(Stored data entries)
+++++

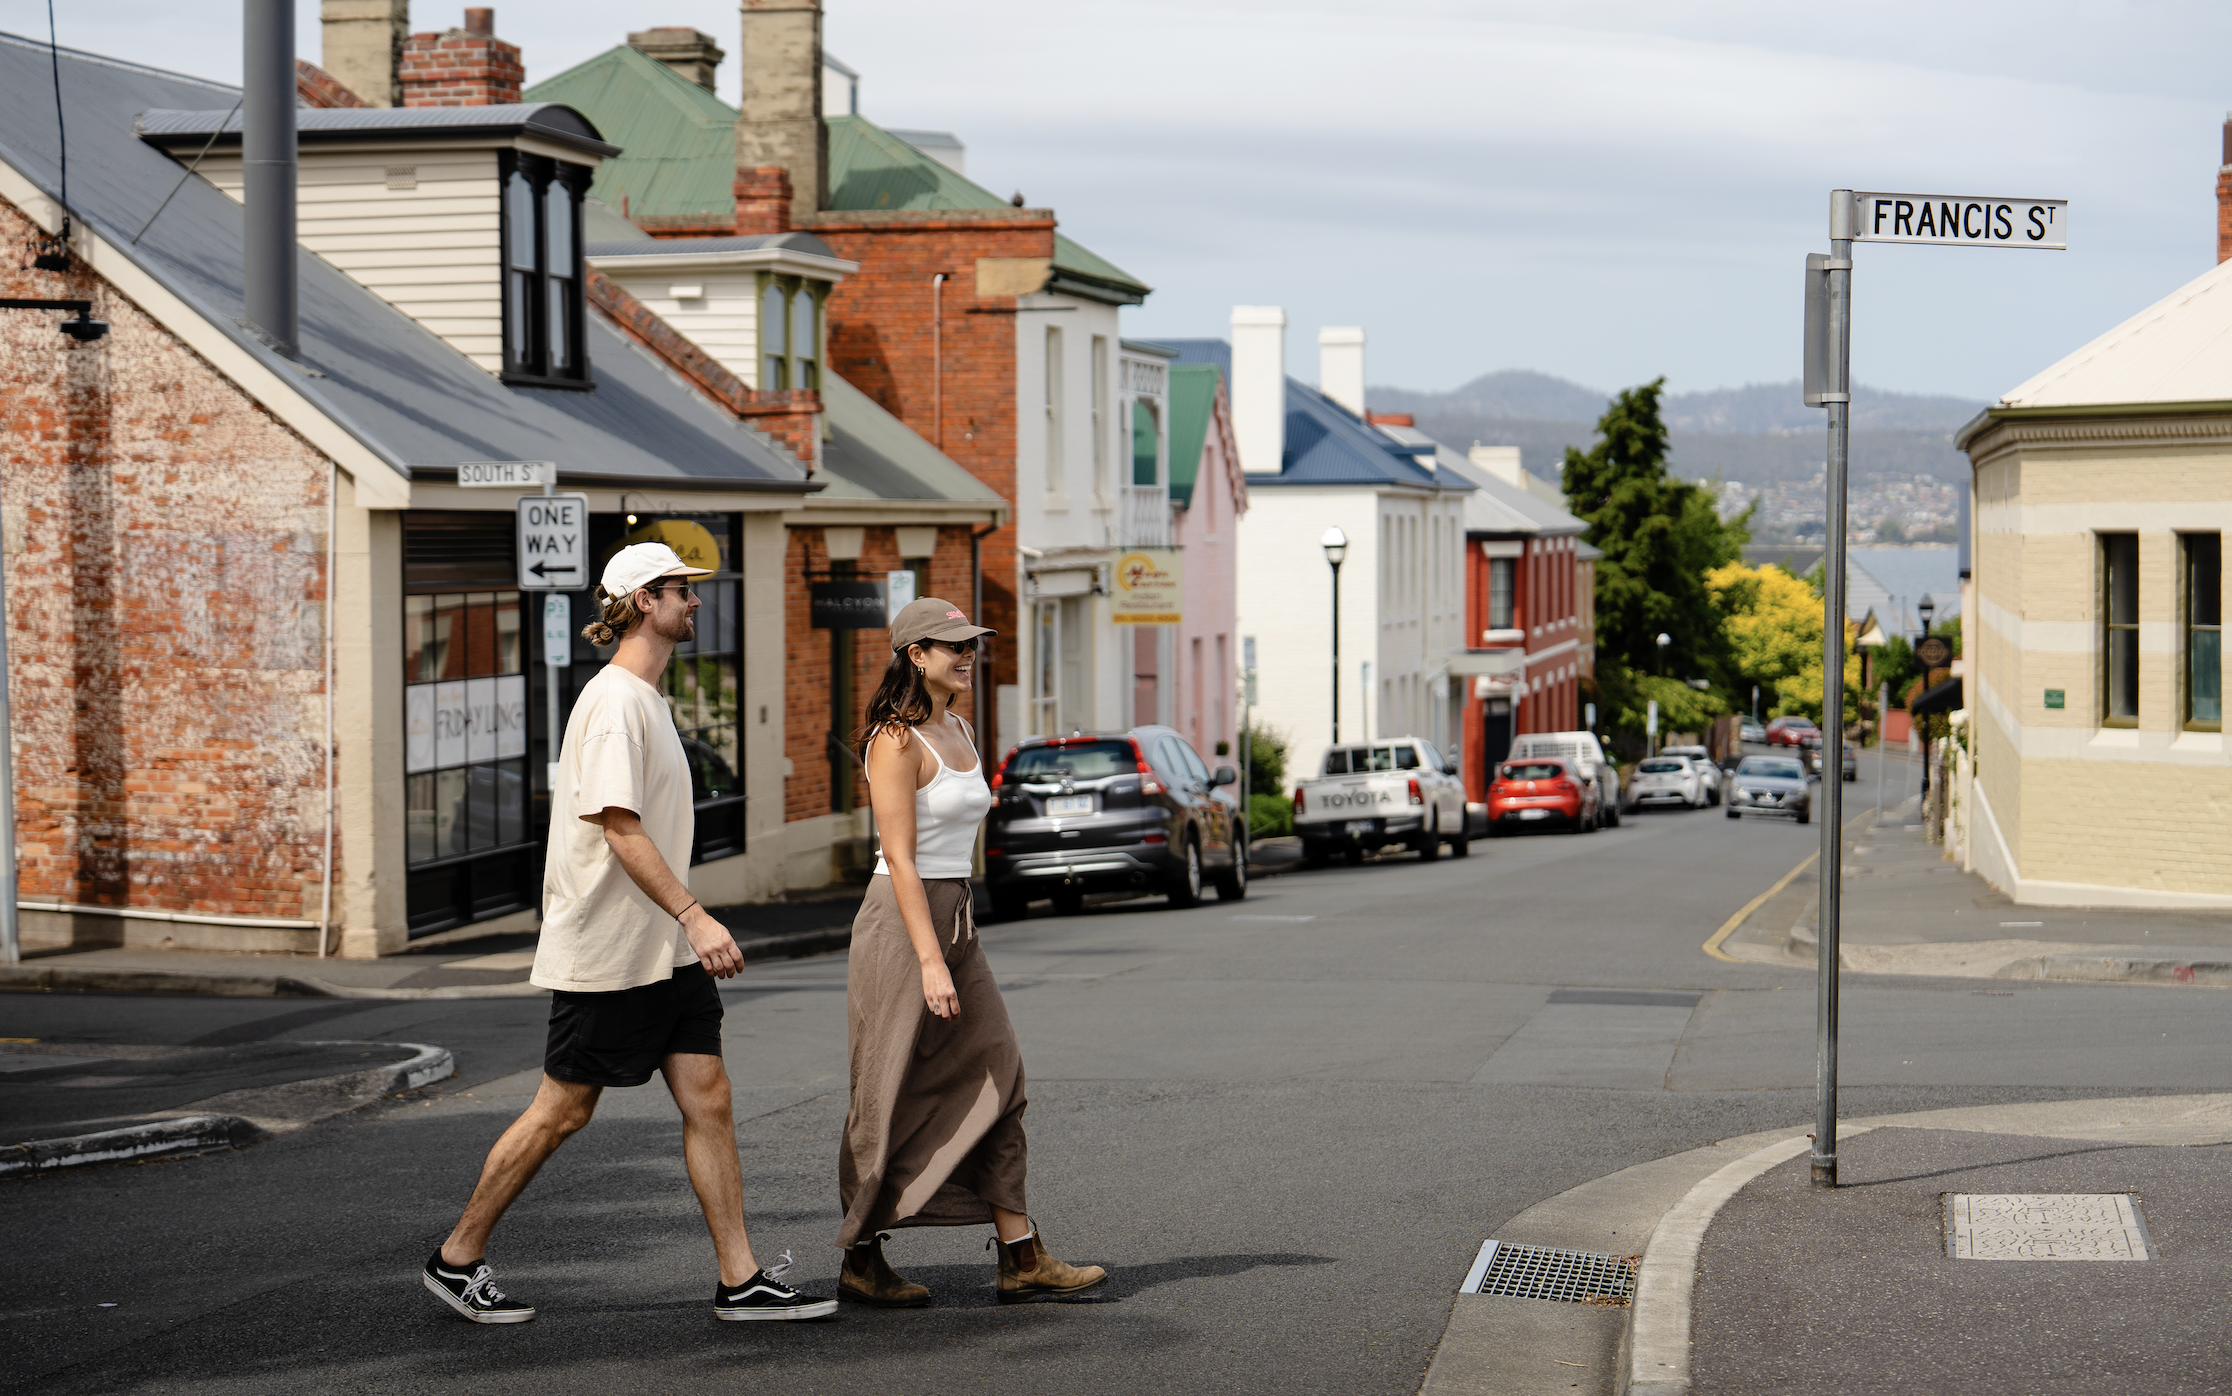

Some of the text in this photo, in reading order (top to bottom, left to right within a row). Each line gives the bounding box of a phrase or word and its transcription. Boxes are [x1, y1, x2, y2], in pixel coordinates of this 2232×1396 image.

[1874, 199, 2057, 241] FRANCIS ST
[462, 464, 515, 482] SOUTH
[528, 506, 574, 526] ONE
[526, 534, 577, 554] WAY
[892, 576, 910, 590] 2P
[813, 597, 886, 608] HALCYON
[1321, 789, 1392, 808] TOYOTA
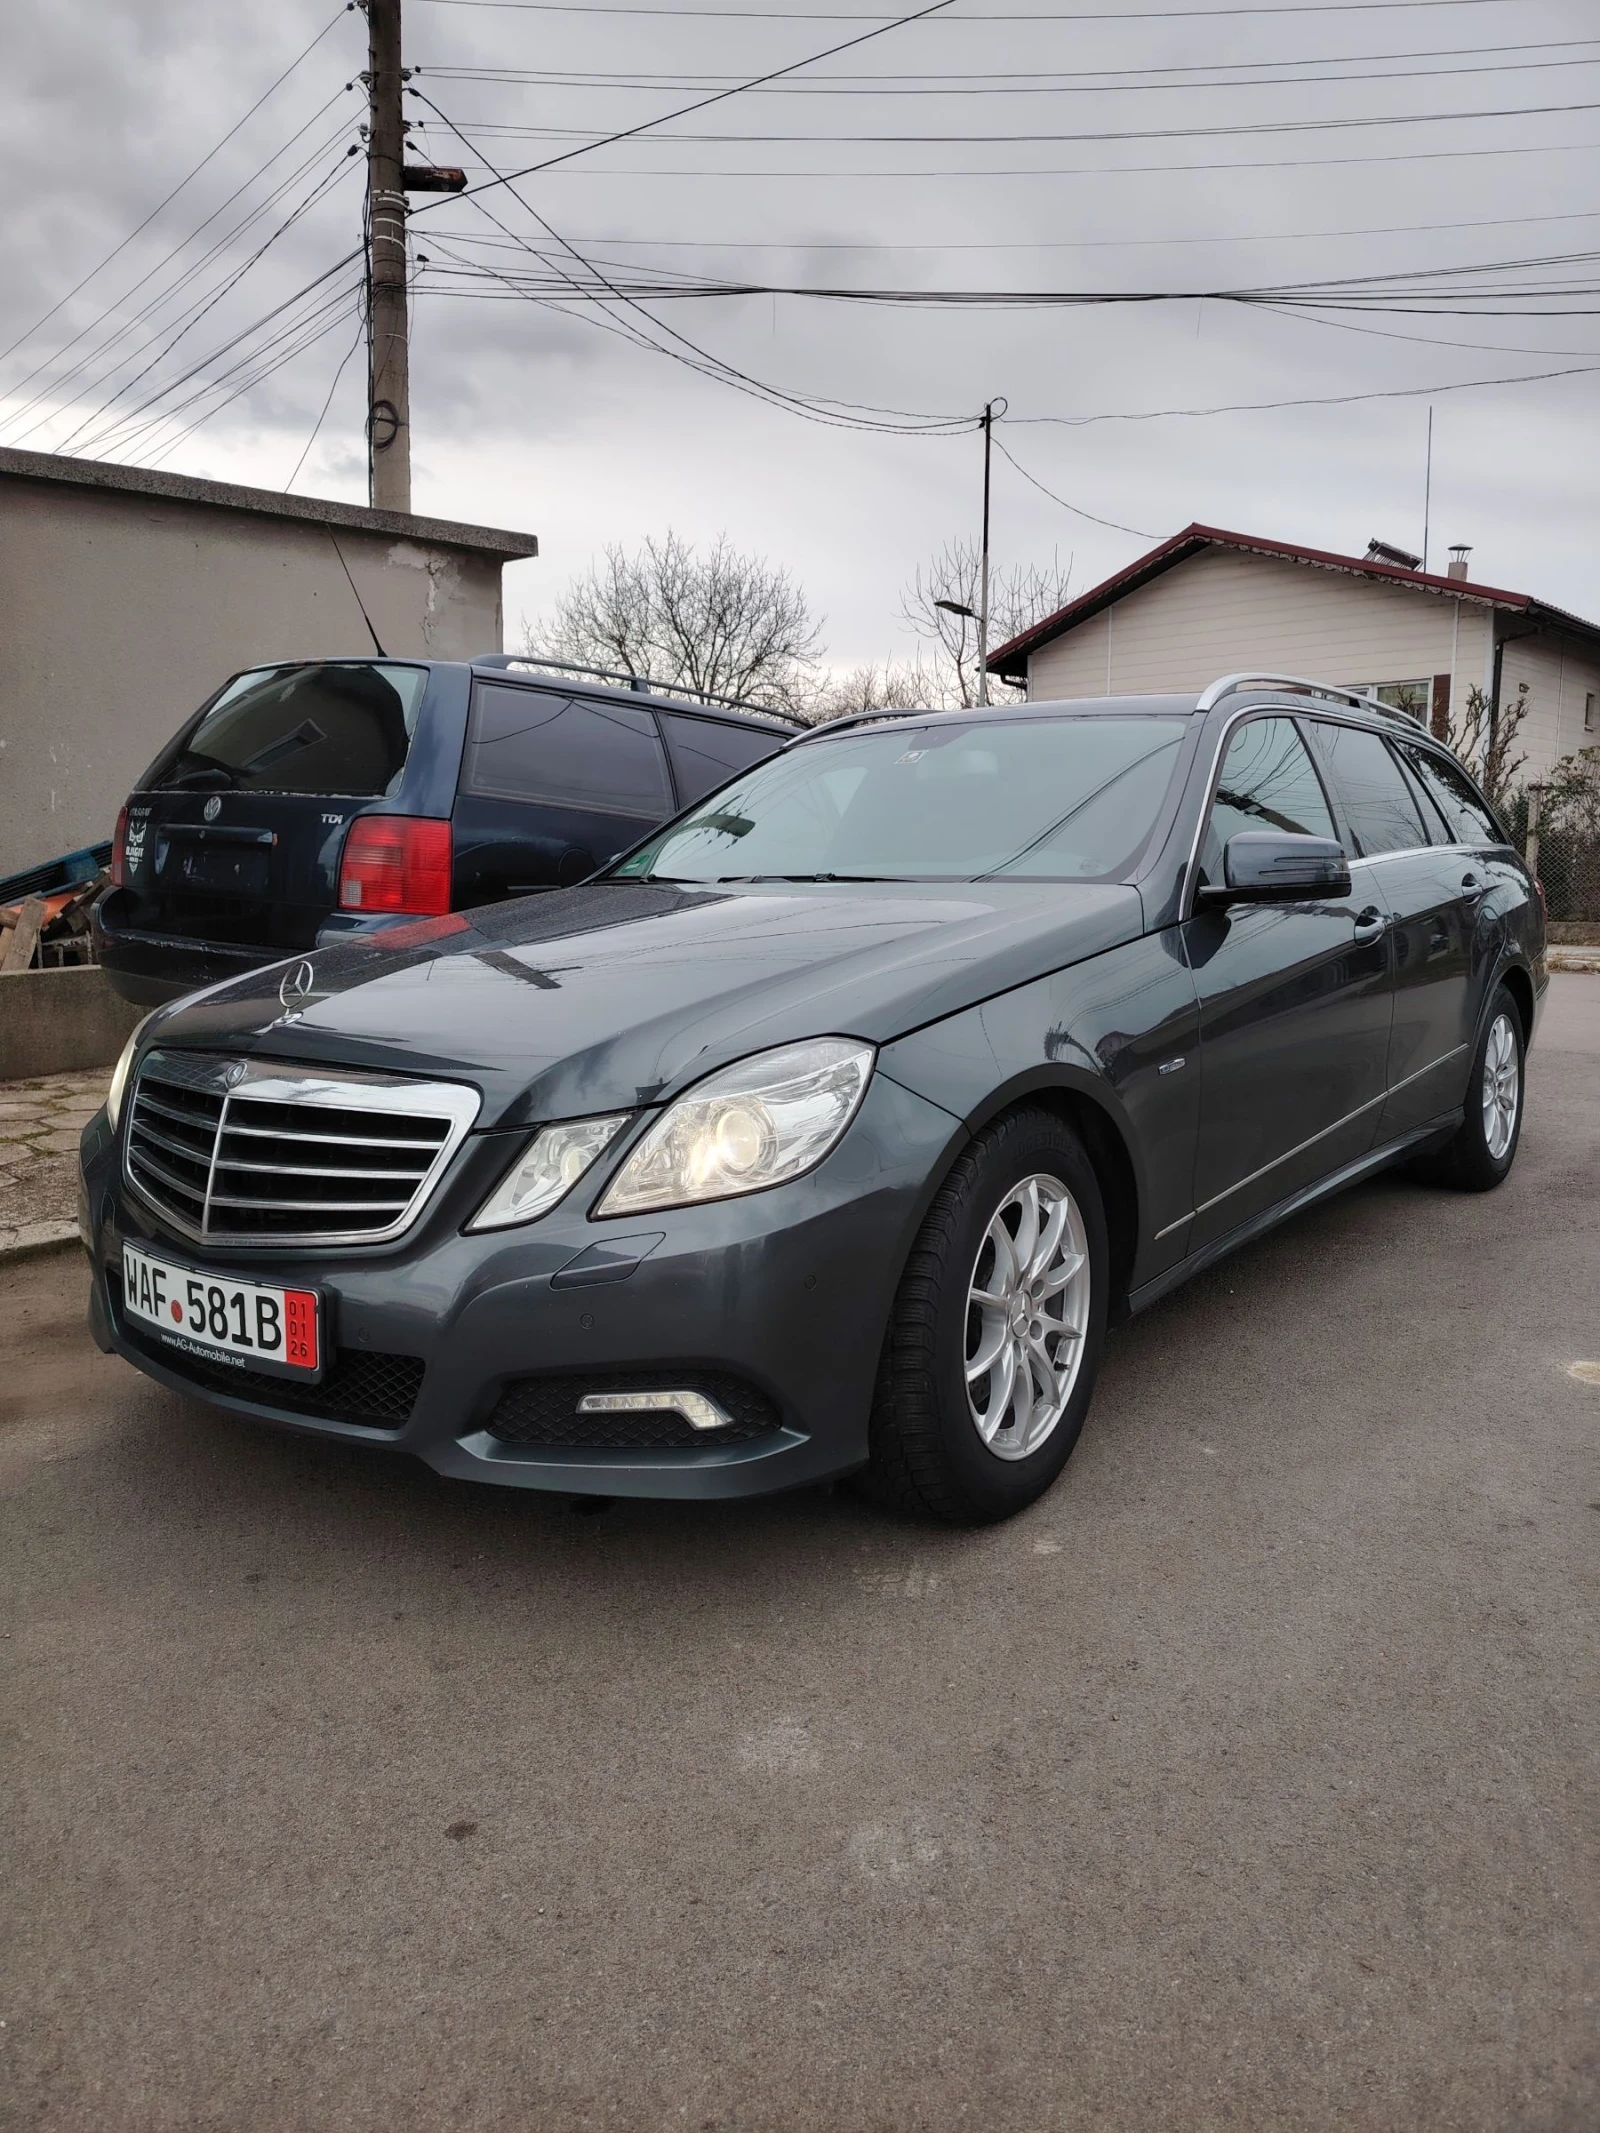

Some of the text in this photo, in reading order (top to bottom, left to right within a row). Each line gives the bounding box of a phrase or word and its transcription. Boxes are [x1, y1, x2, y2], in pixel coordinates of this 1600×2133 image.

+++++

Exactly what appears in the records above must be returned, apart from the pictures.

Some of the text in this photo, in reading order (top to bottom, left to right within a row). Each line gives the bounding box of a phrase or word and its transcription. Boxes are [x1, y1, x2, y2], in pixel coordinates of this 2232×1396 image.

[1874, 199, 2057, 241] FRANCIS ST
[462, 464, 515, 482] SOUTH
[528, 506, 574, 526] ONE
[526, 534, 577, 554] WAY
[892, 576, 910, 590] 2P
[813, 597, 886, 608] HALCYON
[1321, 789, 1392, 808] TOYOTA

Some of the text in this photo, in reading order (top to bottom, left to right within a row). Each line gives the bounding box of a phrase or word and its transcription. Boxes are [x1, y1, x2, y2], in pixel coordinates of this 1600×2133 image.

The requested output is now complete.